Des animations sont régulièrement organisées, comme les soirées méchoui. Mais ici, la spontanéité est de mise : « J’ai du mal à anticiper l’organisation de ces évènements. Ça se fait un peu au feeling, en fonction des personnes présentes. C’est très spontané. Sauf la récolte de la sève de bouleau en mois de mars. C’est un événement qu’on organise tous les ans » précise Béatrice.
Potabilis, c’est le lieu où nature, authenticité et simplicité sont de mises. Idéal pour se déconnecter de l’effervescence de la ville.
Allée de Roumegous à Saint-Magne
06 25 24 34 22
Contact par mail via le site Internet
Page Instagram
Page Facebook
Pour y aller
Bus 4811 (plusieurs arrêts au départ de Bordeaux, Talence et Gradignan).
© Potabilis
Entre2Terres, un écolieu familial à la Réole
Pour venir ici depuis Bordeaux, Florence Duval, la gérante de cet éco-lieu, vous conseille de prendre le train pour que l’aventure démarre sur le quai de gare. « Vous êtes à 45 minutes en TER depuis Bordeaux. Une fois arrivé à la Réole, il vous reste une vingtaine de minutes à pied pour rejoindre l’Entre deux terres. Vous traverserez la ville médiévale, ses petites rues, les quais, vous passerez devant le lavoir… Ça fait une chouette balade pour votre arrivée ! Et si vous êtes chargés, je peux aussi venir vous chercher en voiture ». Dans cette proposition, on voit là tout l’état d’esprit de celle qui gère l’éco-lieu : le sens de l’accueil, des choix écoresponsables et une grande convivialité.
© écolieu Entre2Terres
Où le vrai luxe sont le calme et la sobriété
« Ici, vous pouvez loger dans la maison où je loue deux chambres avec lits doubles et simples. Mais vous pouvez aussi planter votre tente dans le jardin » précise-t-elle. Situé à la Réole, son éco-lieu respecte la biodiversité au maximum. « Sur les 6 000 m² de terrain, tout est en permaculture. On y trouve un verger où cueillir des poires, des pommes, des prunes et des figuiers. En ce moment, précise-t-elle, on a une communauté de milans qui font leur petit bruit à eux ! ». La contemplation des moindres détails liés à la faune ou à la flore est une des spécialités de Florence. Rien ne lui échappe comme cette libellule qui vient régulièrement voleter autour de sa petite mare.
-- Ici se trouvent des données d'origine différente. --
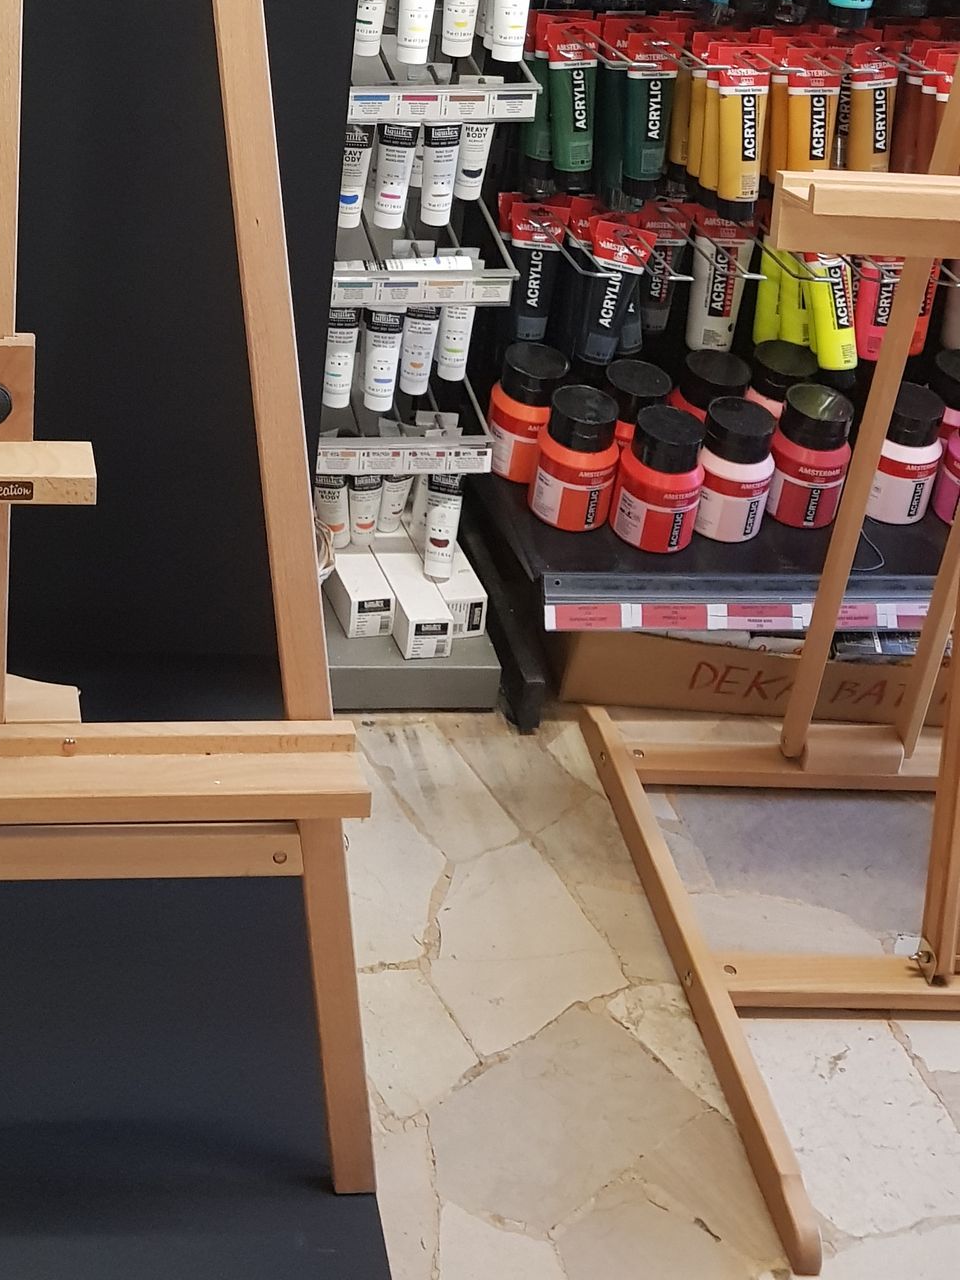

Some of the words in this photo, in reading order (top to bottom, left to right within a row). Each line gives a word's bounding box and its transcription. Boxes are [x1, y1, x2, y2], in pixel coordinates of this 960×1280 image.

L’entre-deux-terres est un lieu où se reposer, que ce soit dans le coin des hamacs ou le coin salon du jardin. Les enfants pourront s’occuper du potager, réaliser des macérats de plantes sauvages avec Florence où aller voir les moutons du berger qui vivent en contrebas. Une vraie reconnexion avec la nature pour la famille, au cœur de la Réole !
Entre2terres
Ecolieu Calianest à La Réole
06 61 56 51 69
ecolieuentre2terres@gmail.com
Pour y aller
TER Nouvelle Aquitaine au départ de Bordeaux avec 10 A/R par jour en 45 minutes. On vient vous chercher à la gare!